> Work instructions: When you copy the records, keep every word exact and leave the pictures out.

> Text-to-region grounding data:

-*-*-

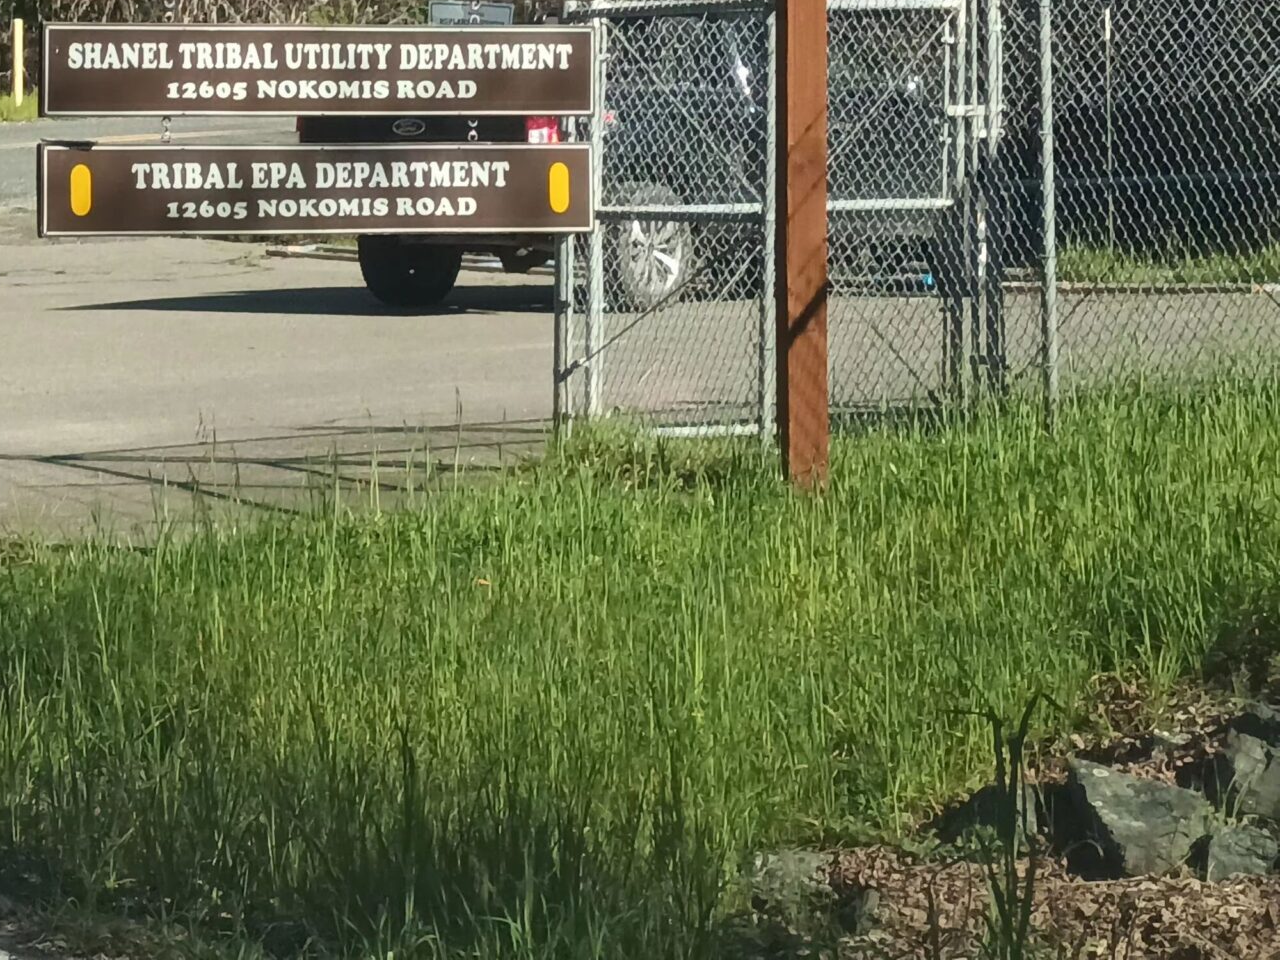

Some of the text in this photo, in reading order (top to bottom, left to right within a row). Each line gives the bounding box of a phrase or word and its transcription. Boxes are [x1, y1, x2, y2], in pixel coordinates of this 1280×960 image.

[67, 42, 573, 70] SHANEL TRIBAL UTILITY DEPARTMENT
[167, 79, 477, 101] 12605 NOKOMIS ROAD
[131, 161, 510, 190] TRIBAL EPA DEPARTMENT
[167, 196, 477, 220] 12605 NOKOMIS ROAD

-*-*-

> Exercise result:
Some of the text in this photo, in reading order (top to bottom, left to right within a row). Each line gives the bounding box of a phrase or word and its transcription. Boxes are [x1, y1, x2, y2], in pixel coordinates of this 1280×960 image.

[67, 42, 573, 70] SHANEL TRIBAL UTILITY DEPARTMENT
[167, 79, 477, 101] 12605 NOKOMIS ROAD
[131, 161, 510, 190] TRIBAL EPA DEPARTMENT
[167, 196, 477, 220] 12605 NOKOMIS ROAD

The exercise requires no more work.